▶ _DATA SECTION_:
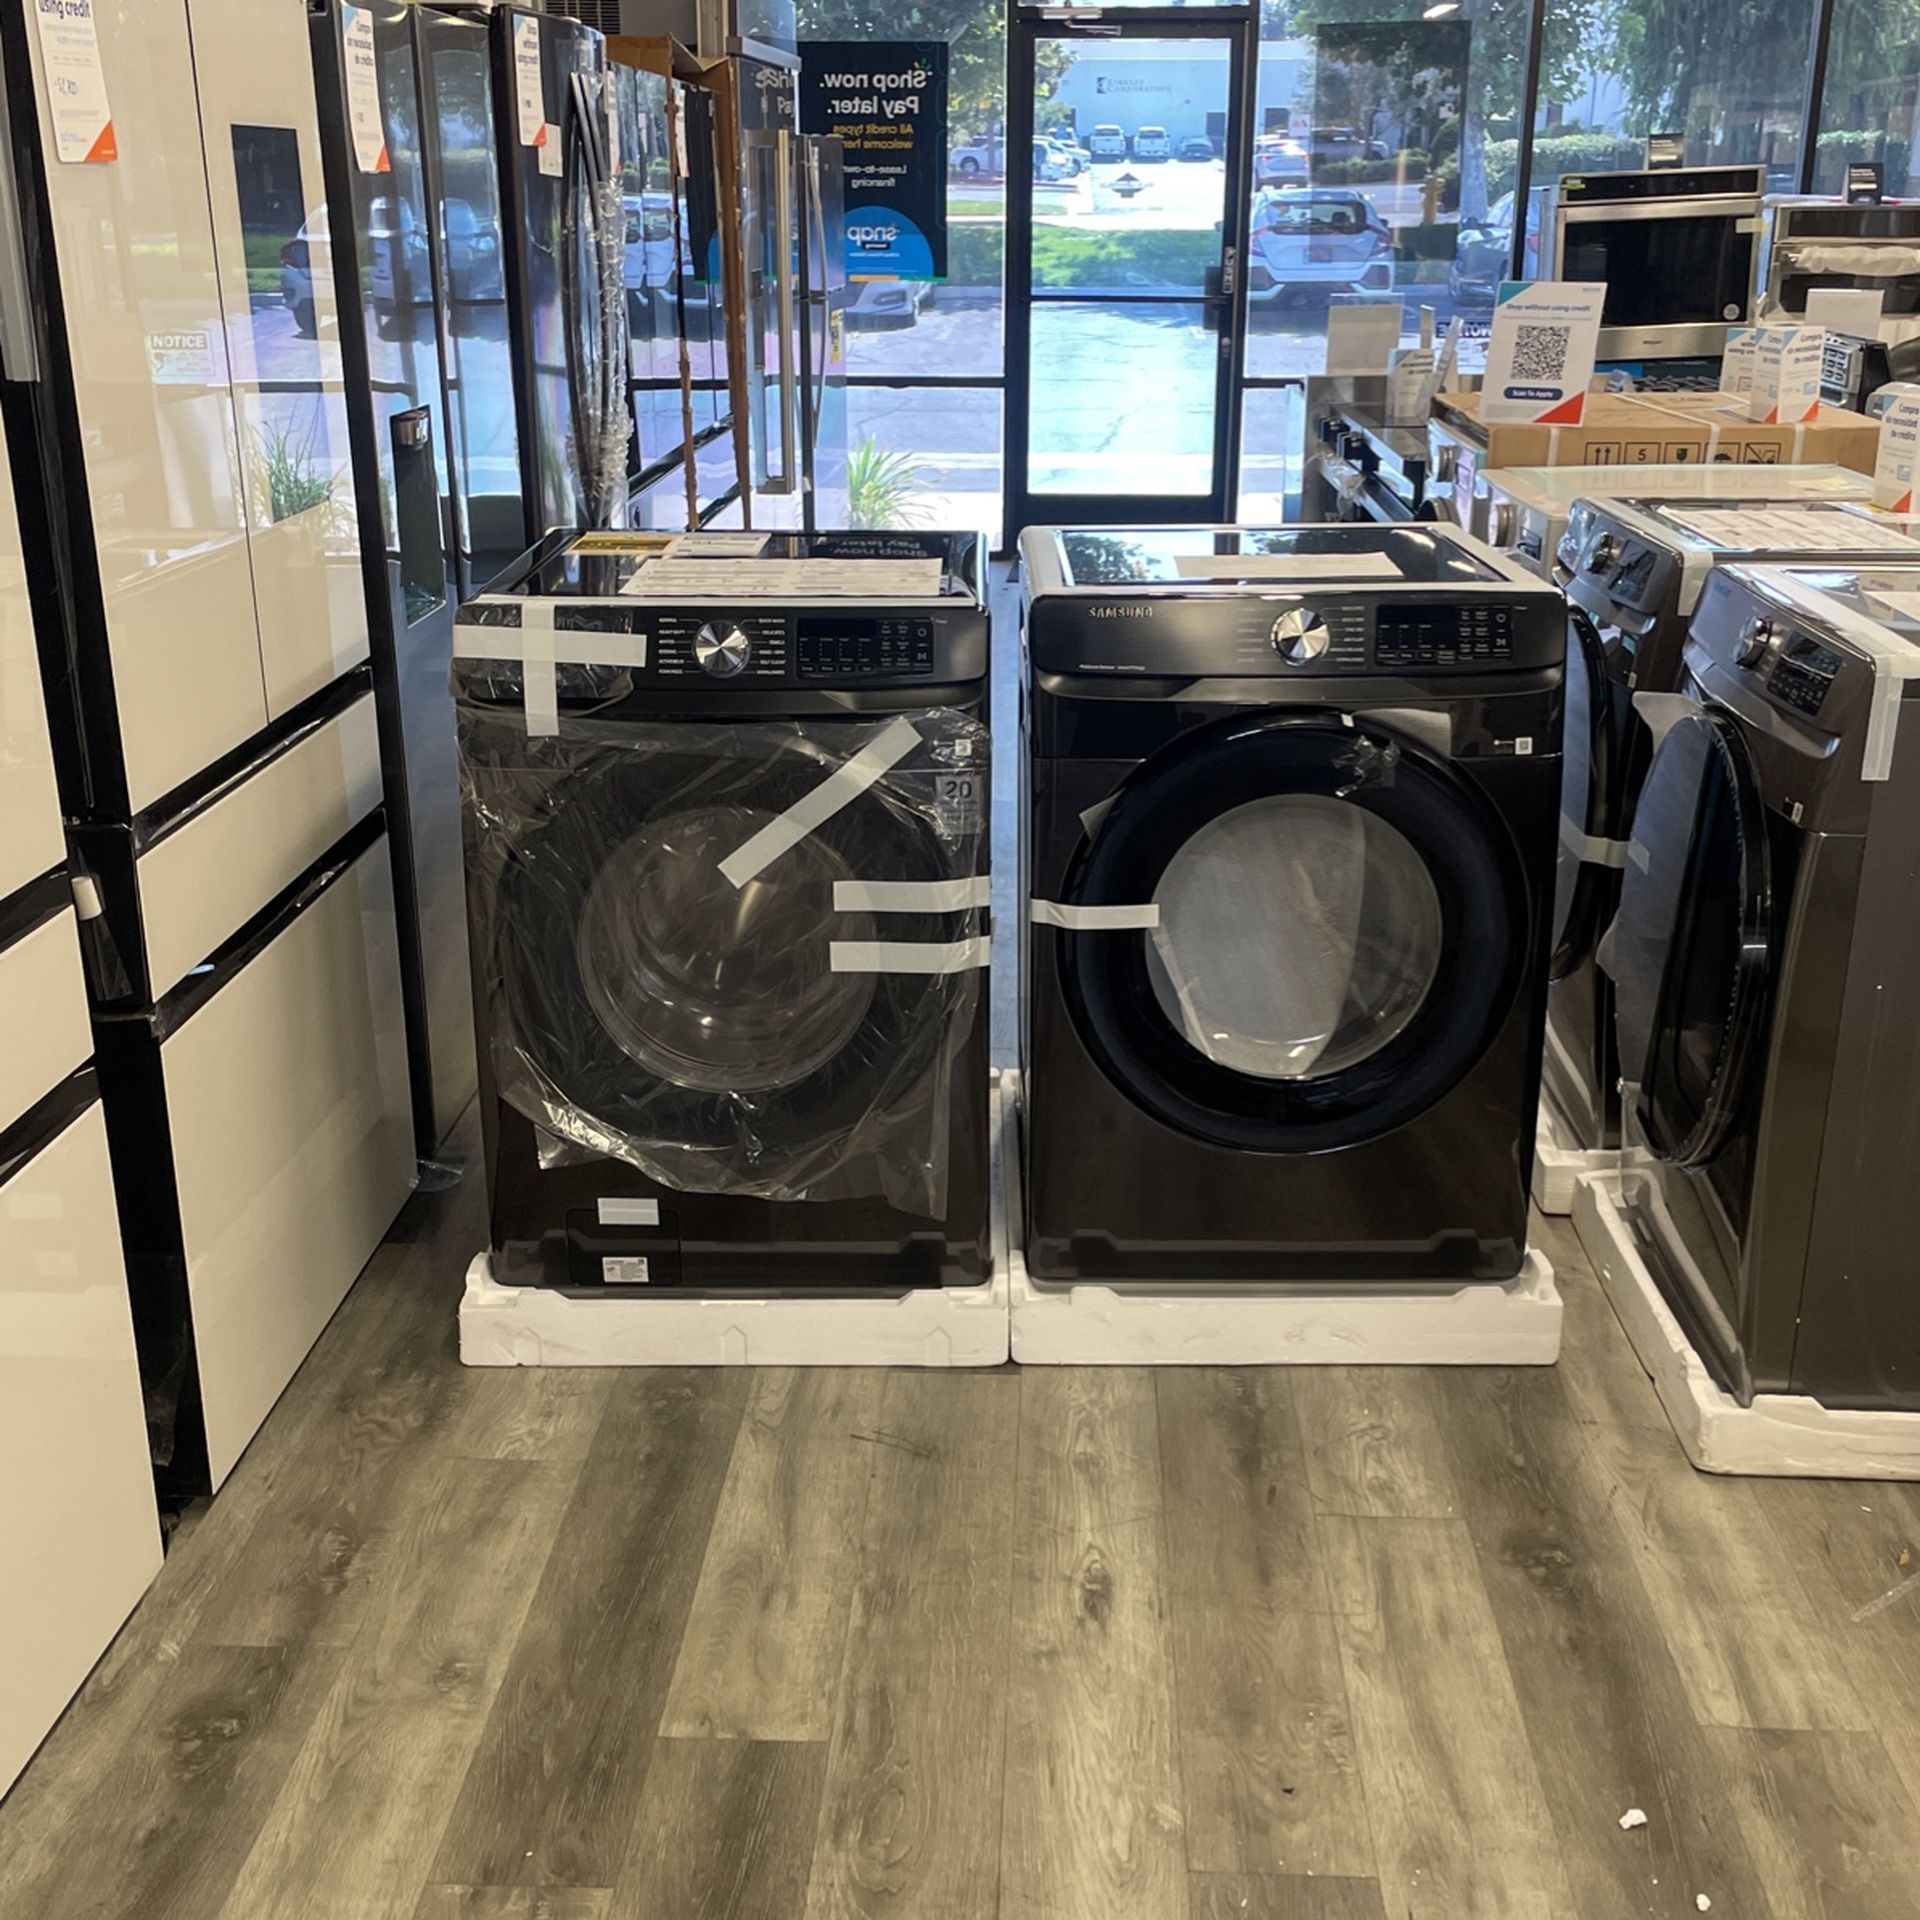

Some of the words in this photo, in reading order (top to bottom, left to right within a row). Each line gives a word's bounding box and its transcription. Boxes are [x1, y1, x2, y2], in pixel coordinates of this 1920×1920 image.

[65, 0, 91, 18] credit
[1525, 303, 1550, 311] without
[153, 335, 204, 348] NOTICE
[1535, 390, 1554, 398] Apply
[1899, 403, 1919, 415] Compra
[1638, 448, 1647, 461] 5
[1088, 607, 1153, 618] SAMSUNG
[945, 781, 972, 799] 20

▶ _EXERCISE REQUIREMENTS_:
What is needed here is each line above set down word for word, minus the images.

▶ _REPLY TO THE TASK_:
Some of the words in this photo, in reading order (top to bottom, left to right within a row). Each line gives a word's bounding box and its transcription. Boxes are [x1, y1, x2, y2], in pixel coordinates of this 1920×1920 image.

[65, 0, 91, 18] credit
[1525, 303, 1550, 311] without
[153, 335, 204, 348] NOTICE
[1535, 390, 1554, 398] Apply
[1899, 403, 1919, 415] Compra
[1638, 448, 1647, 461] 5
[1088, 607, 1153, 618] SAMSUNG
[945, 781, 972, 799] 20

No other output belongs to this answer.